## ASSIGNMENT:
Reproduce, exactly and in full, the lines from the one with "this 1280×1282 image." through the one with "this 1365×1536 image." in the data below; drop pictures.

## DATA:

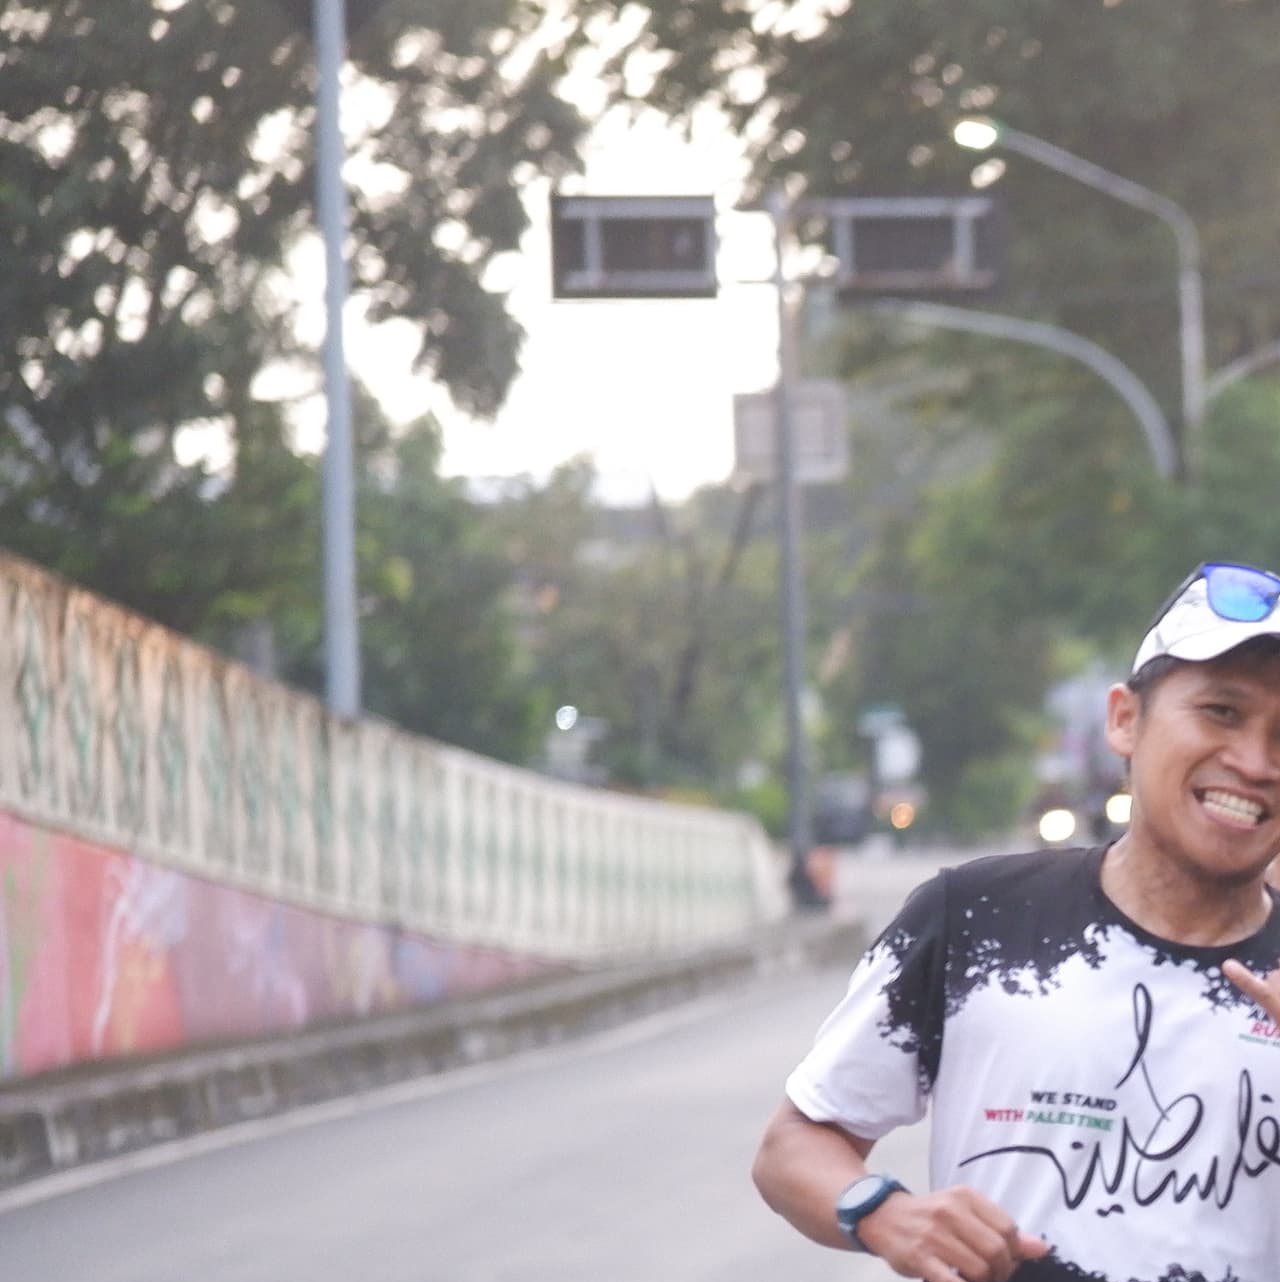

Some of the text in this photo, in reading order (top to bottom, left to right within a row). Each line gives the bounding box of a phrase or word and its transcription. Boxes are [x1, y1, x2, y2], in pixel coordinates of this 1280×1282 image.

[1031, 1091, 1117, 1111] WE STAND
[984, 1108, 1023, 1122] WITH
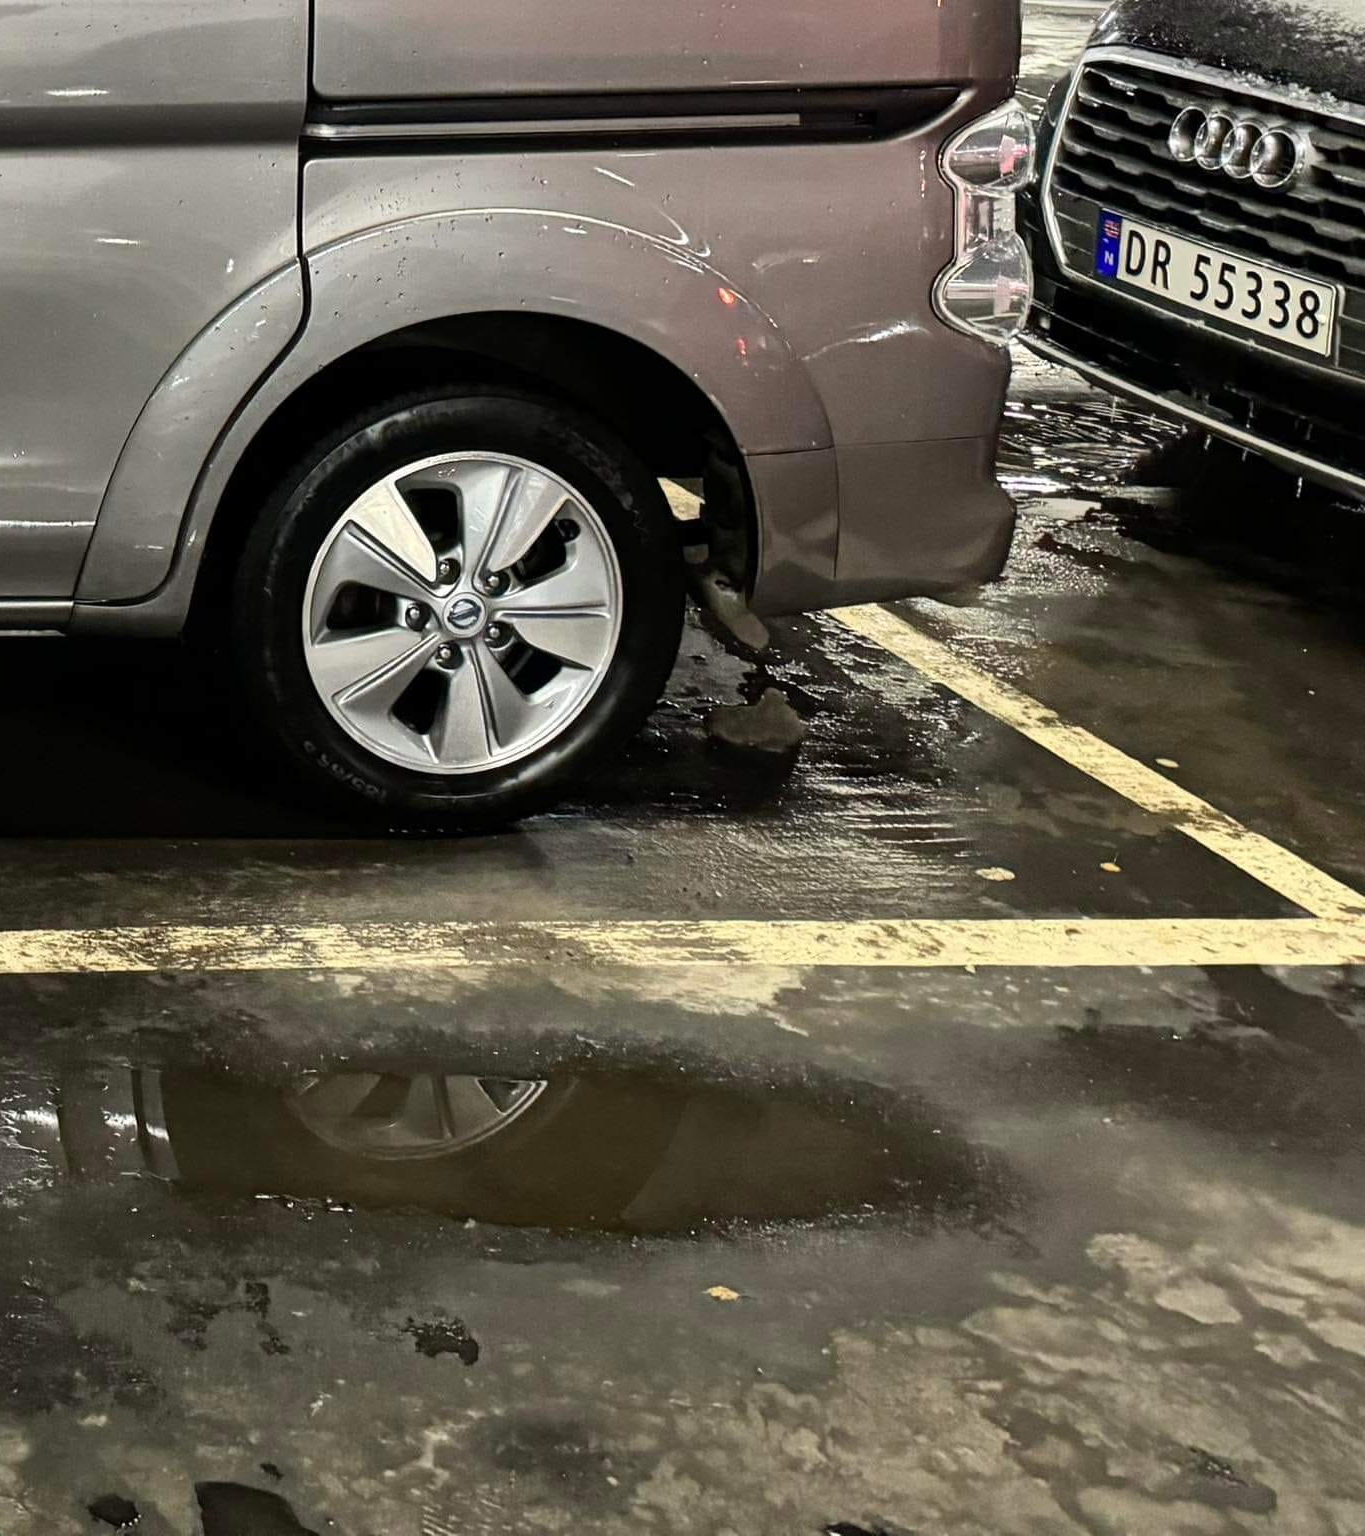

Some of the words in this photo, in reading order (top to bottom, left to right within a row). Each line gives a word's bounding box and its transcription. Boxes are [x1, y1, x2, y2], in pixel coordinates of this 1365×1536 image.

...

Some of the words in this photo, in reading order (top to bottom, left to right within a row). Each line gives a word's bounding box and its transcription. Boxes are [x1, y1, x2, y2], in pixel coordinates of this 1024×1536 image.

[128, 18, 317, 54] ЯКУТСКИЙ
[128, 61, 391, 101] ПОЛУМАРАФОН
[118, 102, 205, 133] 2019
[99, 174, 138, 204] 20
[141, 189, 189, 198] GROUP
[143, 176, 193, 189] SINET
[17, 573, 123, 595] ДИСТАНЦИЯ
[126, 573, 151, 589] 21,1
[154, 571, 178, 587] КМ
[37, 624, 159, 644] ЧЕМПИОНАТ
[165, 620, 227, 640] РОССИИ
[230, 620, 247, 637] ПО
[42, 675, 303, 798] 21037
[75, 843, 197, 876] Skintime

---

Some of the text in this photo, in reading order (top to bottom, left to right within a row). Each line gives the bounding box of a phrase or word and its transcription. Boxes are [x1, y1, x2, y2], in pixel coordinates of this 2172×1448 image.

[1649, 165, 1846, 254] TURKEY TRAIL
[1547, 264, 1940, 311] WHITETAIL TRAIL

## RESPONSE AREA:
Some of the text in this photo, in reading order (top to bottom, left to right within a row). Each line gives the bounding box of a phrase or word and its transcription. Boxes are [x1, y1, x2, y2], in pixel coordinates of this 1280×1282 image.

[1031, 1091, 1117, 1111] WE STAND
[984, 1108, 1023, 1122] WITH

Some of the words in this photo, in reading order (top to bottom, left to right within a row). Each line gives a word's bounding box and its transcription. Boxes are [x1, y1, x2, y2], in pixel coordinates of this 1365×1536 image.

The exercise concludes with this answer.